Síndrome mão-pé-boca: saiba como prevenir doença que afeta principalmente crianças

2021-12-03T08:04:32-03:00

A síndrome mão-pé-boca é uma doença contagiosa causada pelo vírus Coxsackie, que ataca o sistema digestivo e tem como sua principal característica a formação de estomatites, uma espécie de afta que afeta a mucosa da boca, e bolhas que costumam aparecer nos pés e mãos. Apesar de acometer também os adultos, ela é mais comum na infância, antes dos cinco anos de idade.

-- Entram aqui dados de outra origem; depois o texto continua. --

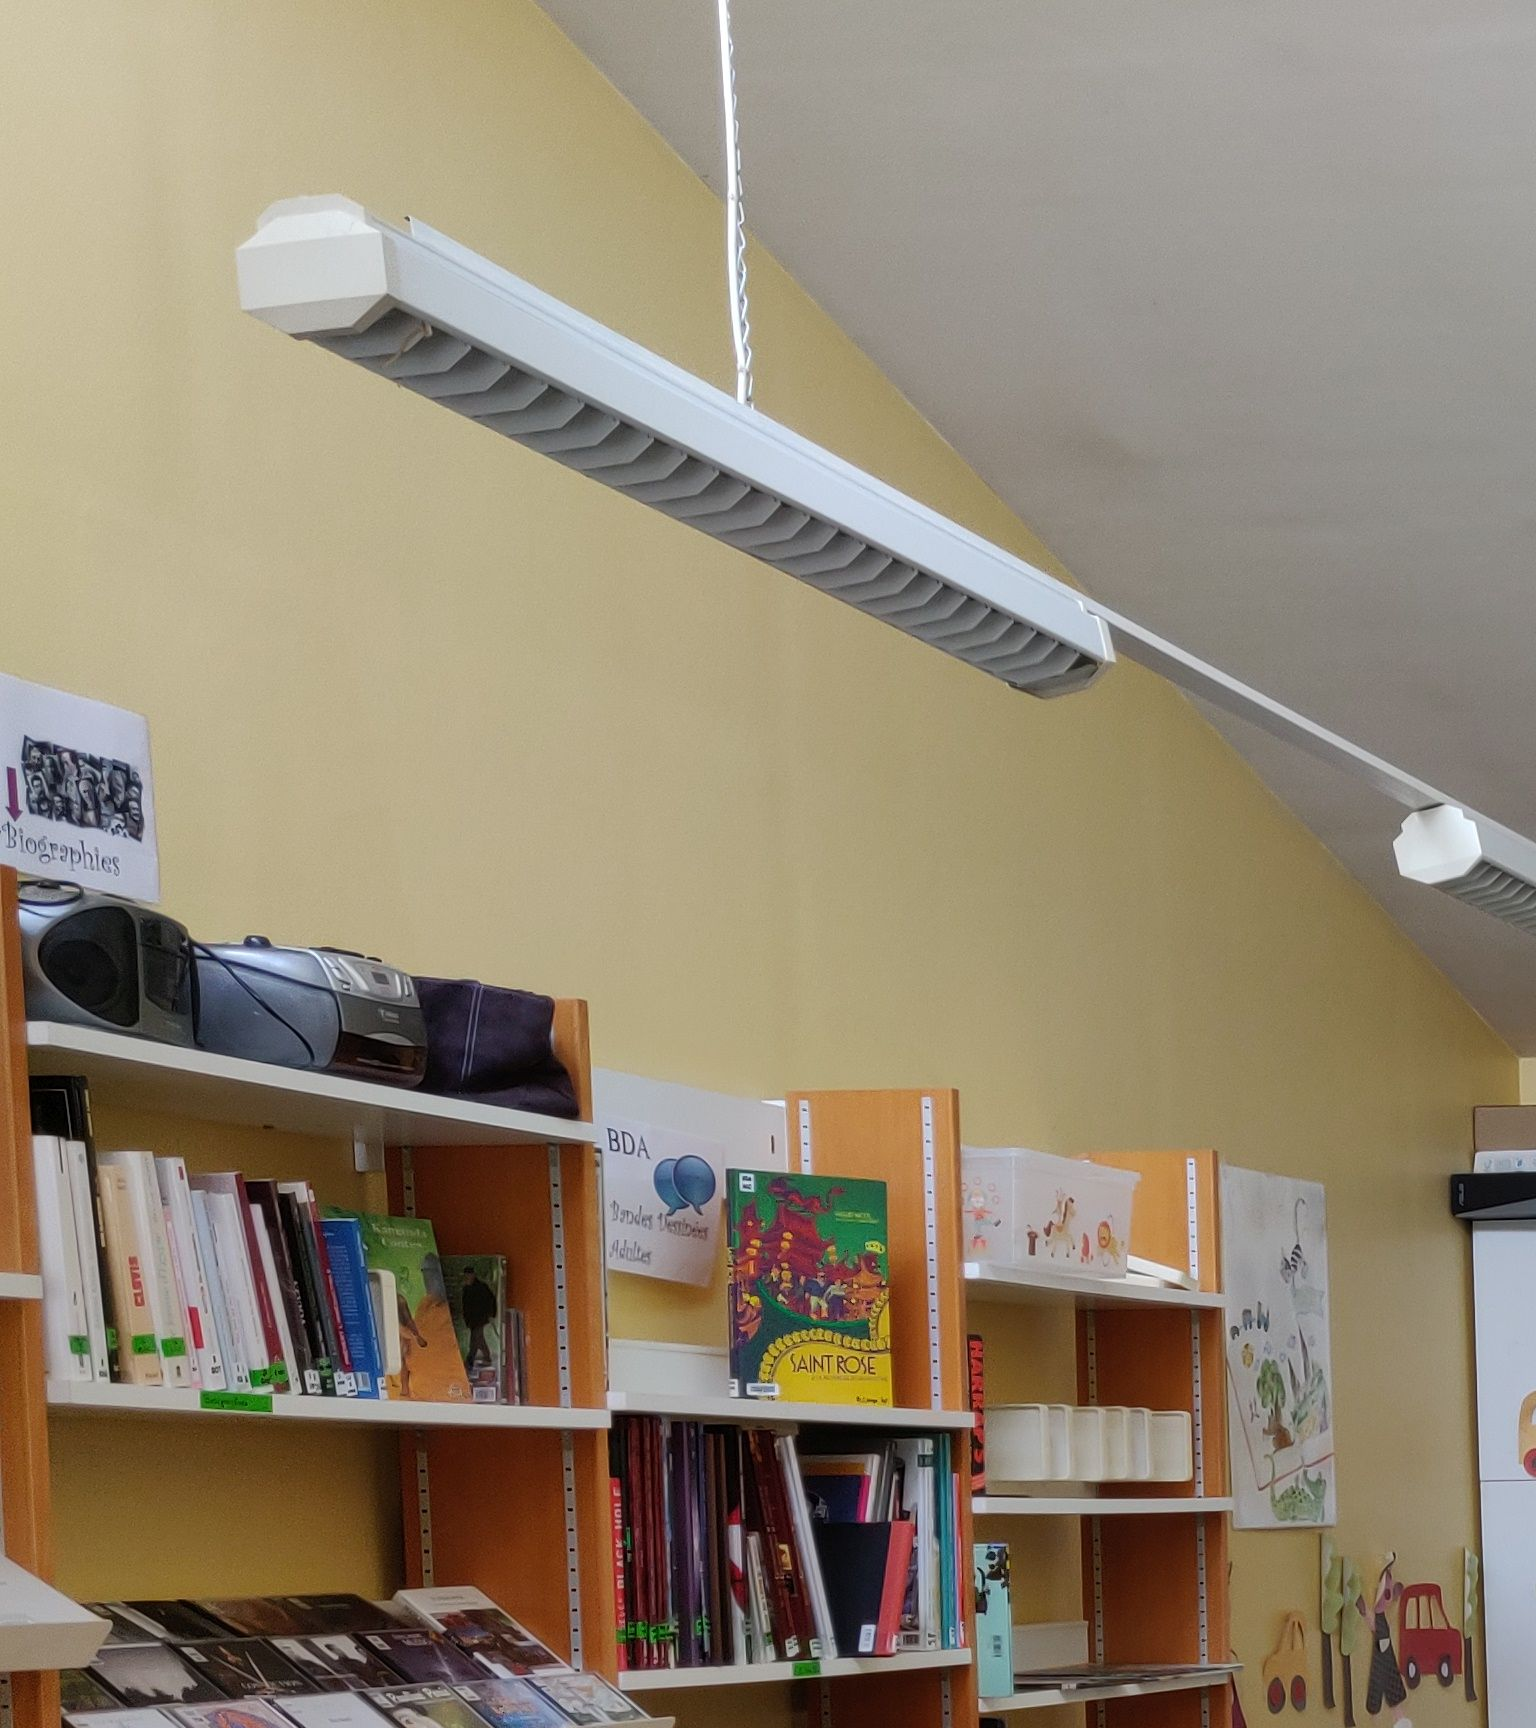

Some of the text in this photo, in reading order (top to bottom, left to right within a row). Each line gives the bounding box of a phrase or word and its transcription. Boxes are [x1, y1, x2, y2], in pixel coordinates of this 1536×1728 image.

[0, 821, 120, 876] Biographies
[606, 1127, 650, 1160] BDA
[608, 1200, 709, 1242] Bandes Dessinées
[608, 1240, 652, 1264] Adultes
[790, 1354, 876, 1375] SAINT ROSE
[614, 1539, 626, 1597] BLACK
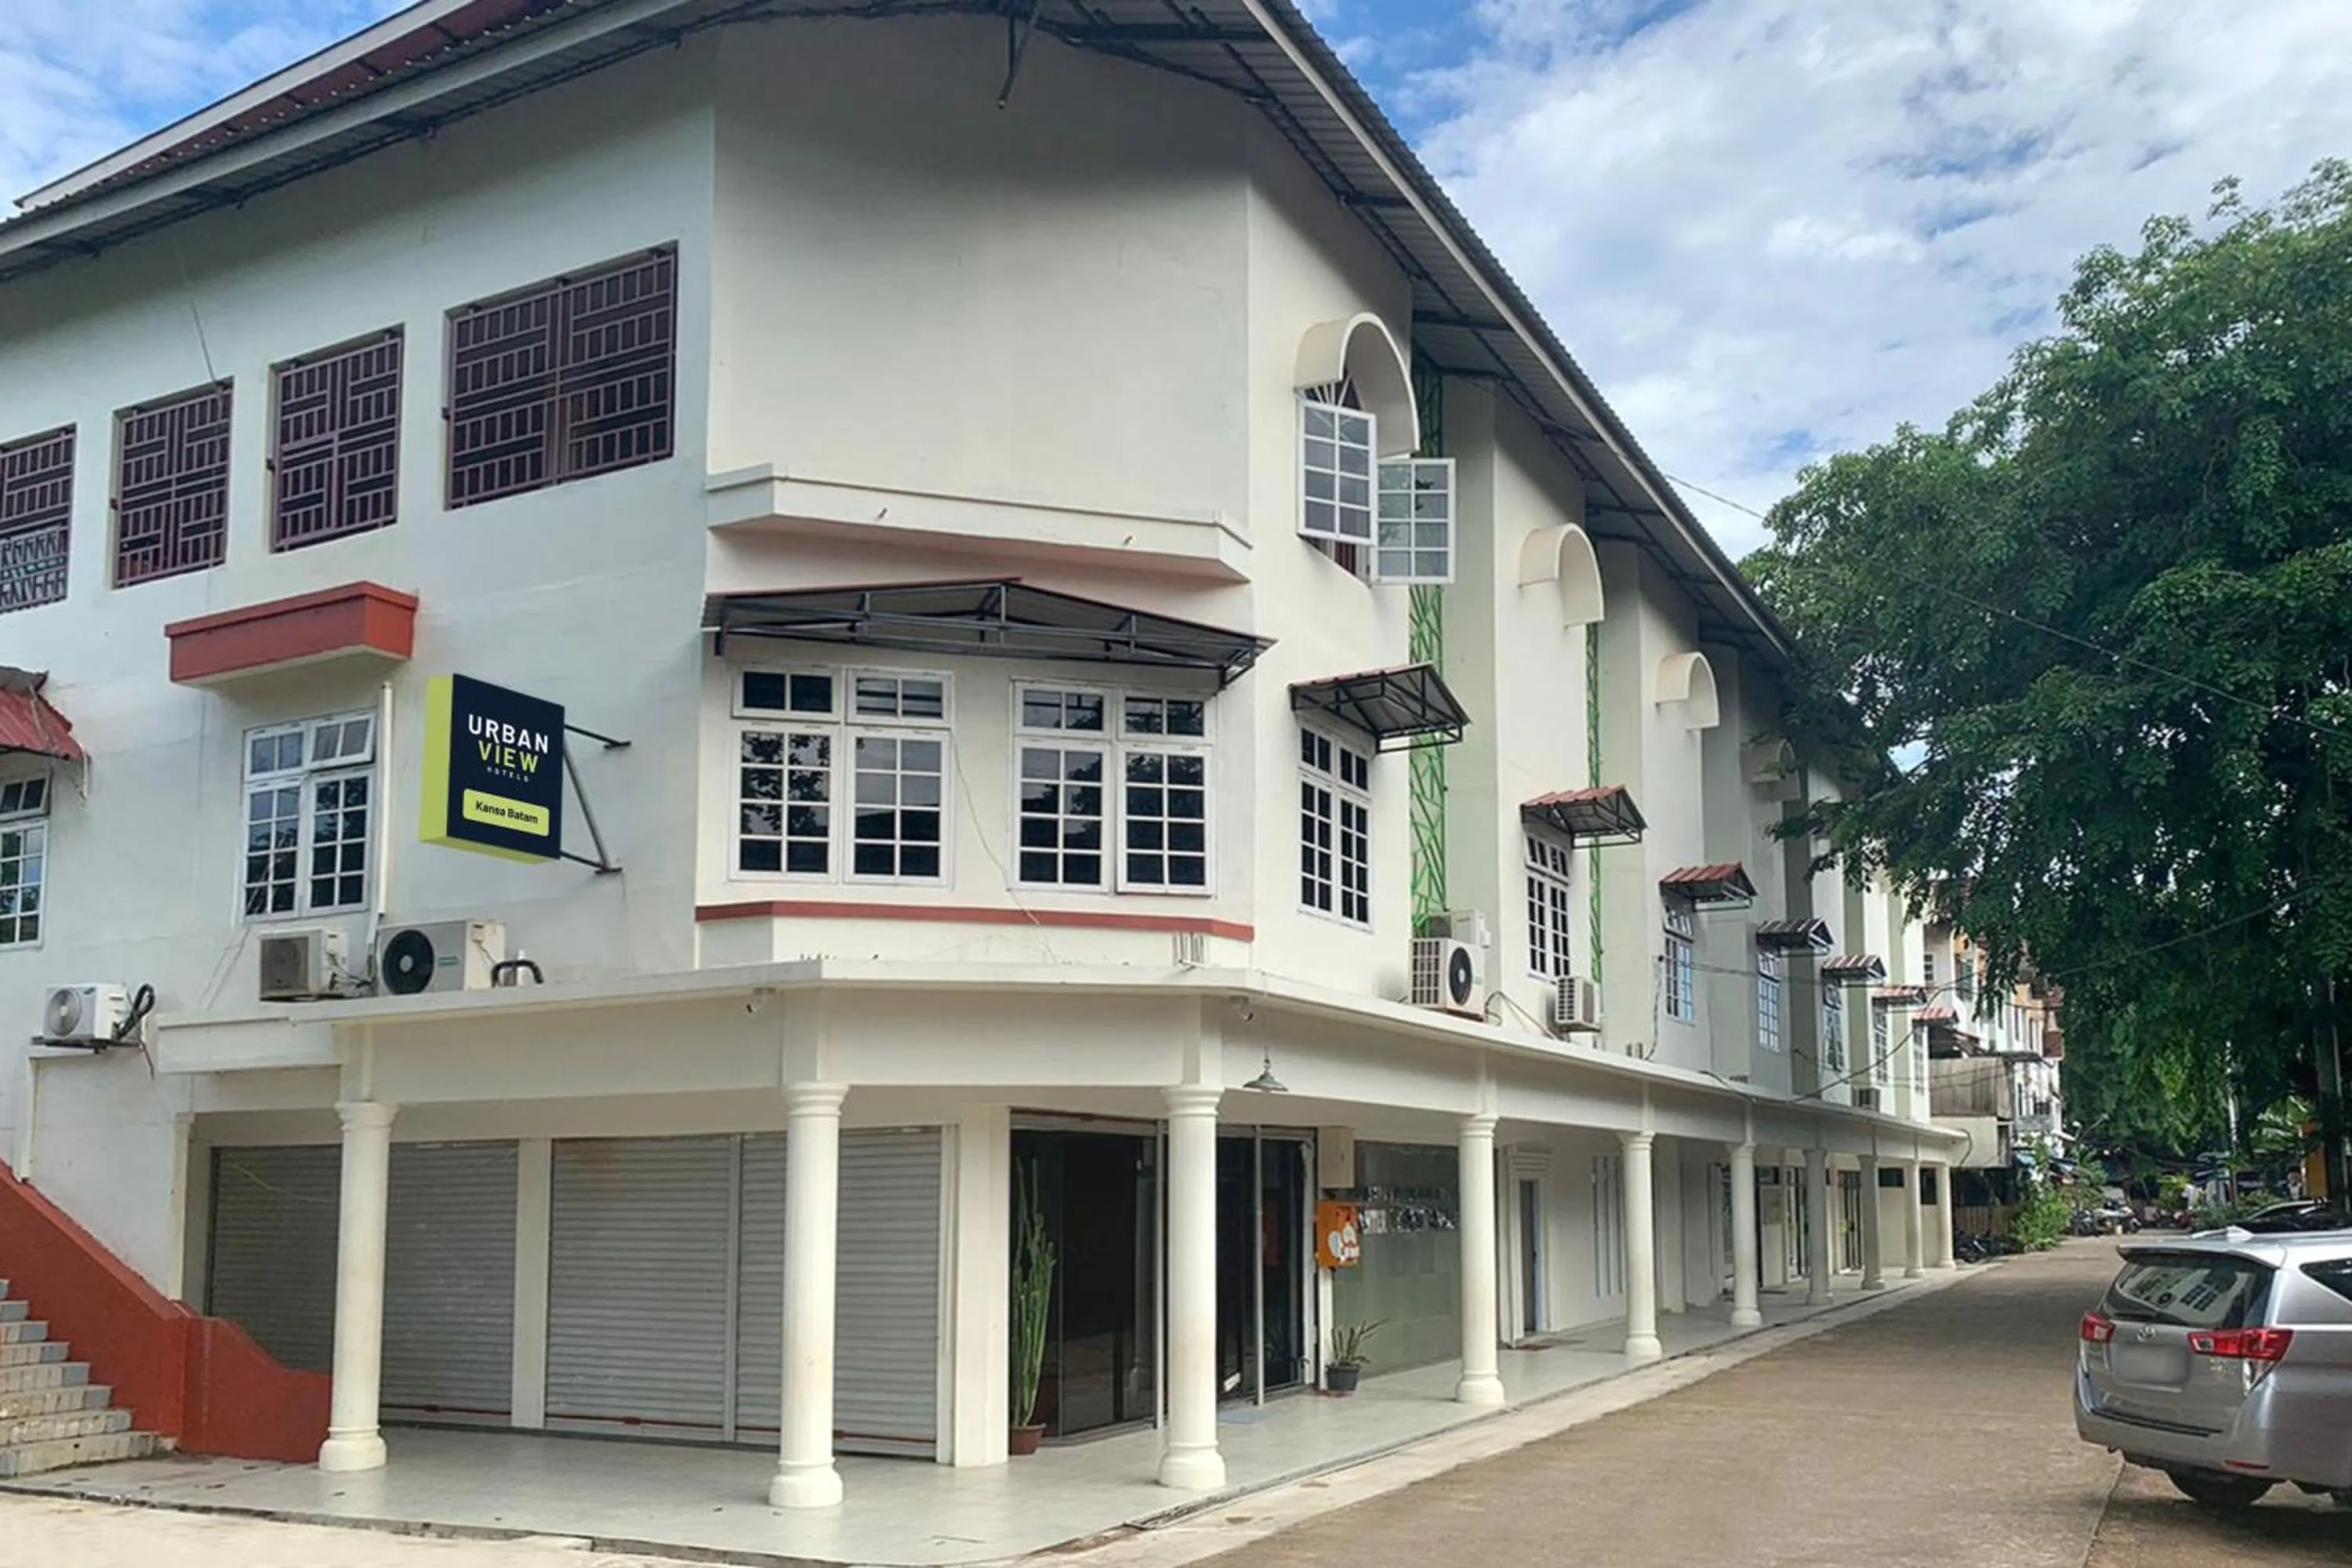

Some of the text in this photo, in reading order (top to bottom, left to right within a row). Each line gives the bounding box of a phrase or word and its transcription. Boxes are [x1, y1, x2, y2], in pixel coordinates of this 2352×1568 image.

[468, 713, 548, 753] URBAN
[478, 740, 539, 773] VIEW
[508, 808, 539, 824] Batam
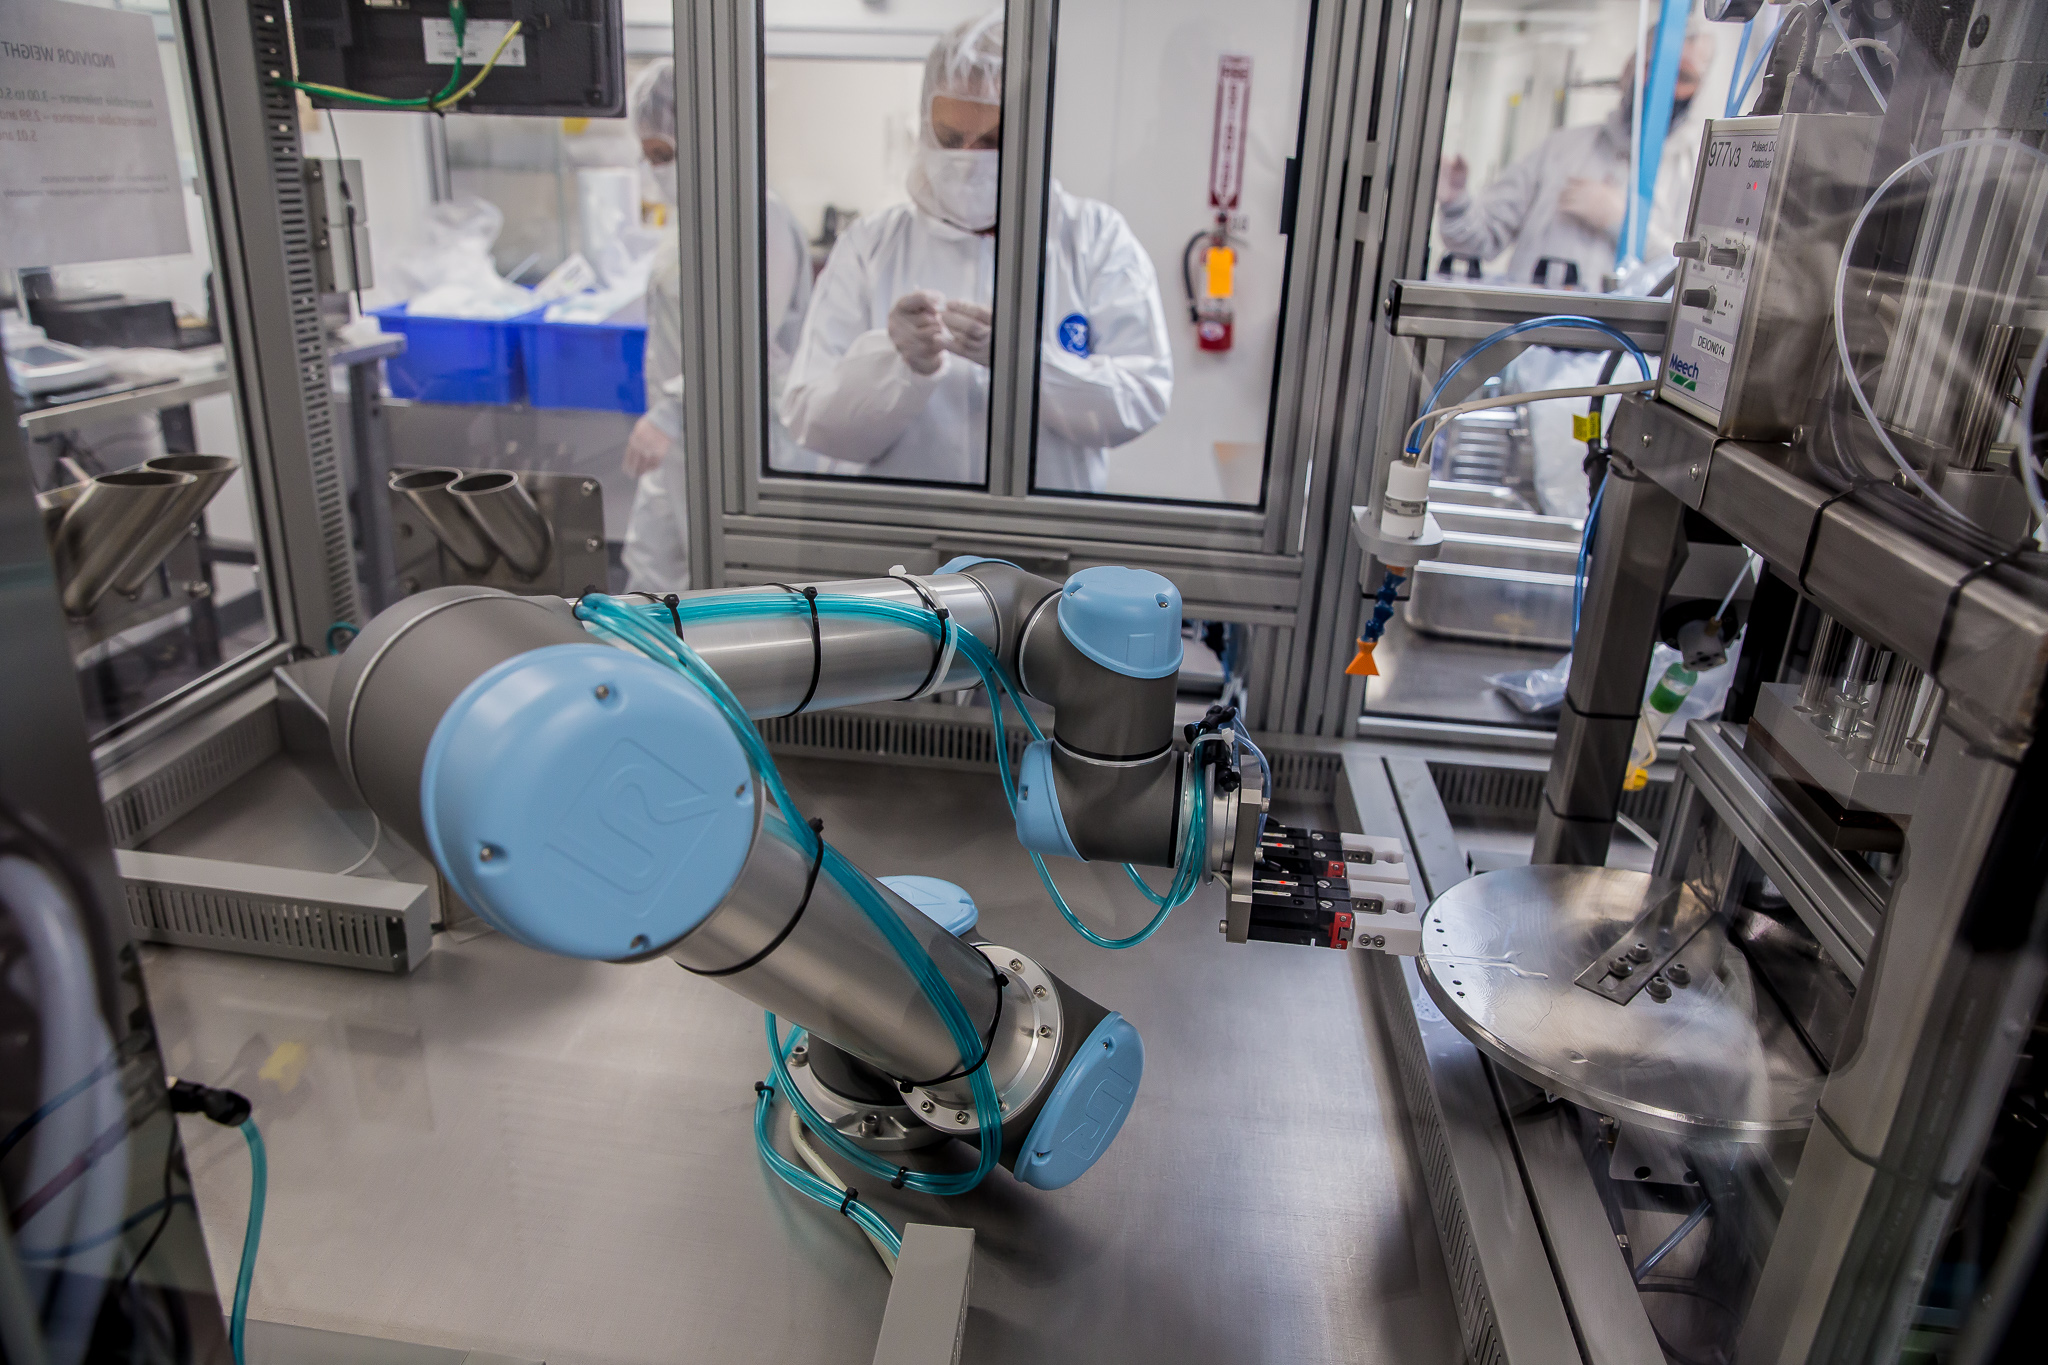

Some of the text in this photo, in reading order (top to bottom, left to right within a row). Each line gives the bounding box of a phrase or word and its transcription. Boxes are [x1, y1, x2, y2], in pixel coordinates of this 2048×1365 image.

[1751, 140, 1769, 152] Pulsed
[1748, 156, 1772, 168] Controller
[1669, 353, 1699, 380] Meech

Por conta das mudanças climáticas, os casos da doença tendem a aumentar consideravelmente durante o verão e outono. Conheça mais sobre a síndrome mão-pé-boca, saiba como identificá-la e preveni-la.

Transmissão

 A transmissão da mão-pé-boca se dá pela via oral ou fecal, através do contato direto entre as pessoas ou com as fezes, salivas e outras secreções, ou por alimentos e objetos contaminados. Mesmo depois de curado, o indivíduo pode transmitir o vírus por aproximadamente quatro semanas.

 Sintomas

O período de incubação do vírus oscila entre um e sete dias. Na maioria dos casos, os sintomas são leves e podem ser confundidos com os de um resfriado comum. São sinais característicos da doença:

  • Febre alta nos dias que antecedem o surgimento das lesões;
  • Manchas vermelhas com vesículas branco-acinzentadas no centro, que podem evoluir para ulcerações dolorosas, na boca, amígdalas e faringe;
  • Erupção de pequenas bolhas nas palmas das mãos, plantas dos pés, nádegas e na região genital;
  • Mal-estar;
  • Falta de apetite;
  • Vômitos;
  • Diarreia;
  • Dificuldade para engolir e muita salivação.

Diagnóstico

Devido às características das lesões e dos sintomas, o diagnóstico é feito através do exame clínico, não havendo, em geral, necessidade de nenhum exame laboratorial para confirmação da doença. Em casa de dúvidas ou semelhanças com outros quadros, o médico pediatra pode solicitar exames de sangue.

Tratamento

Na maioria dos casos, como ocorre em outras infecções por vírus, a síndrome mão-pé-boca regride espontaneamente após alguns dias. Para aliviar os sintomas, são utilizados analgésicos e antitérmicos, por exemplo. Recomenda-se que a criança permaneça em repouso, tome bastante líquido e alimente-se bem durante o período. Caso o paciente sofra com desidratação por causa da dificuldade de ingerir líquidos, a internação se faz necessária.

Prevenção

Como ainda não existe vacina contra o vírus Coxsackie, a forma mais eficiente de prevenir a contaminação é através do reforço das medidas de higiene, com a lavagem das mãos com água e sabão, limpeza de objetos e dos ambientes da casa. Evite também contato com pessoas doentes. Crianças contaminadas devem permanecer afastadas da escola ou creche até não apresentar mais nenhum sintoma da doença.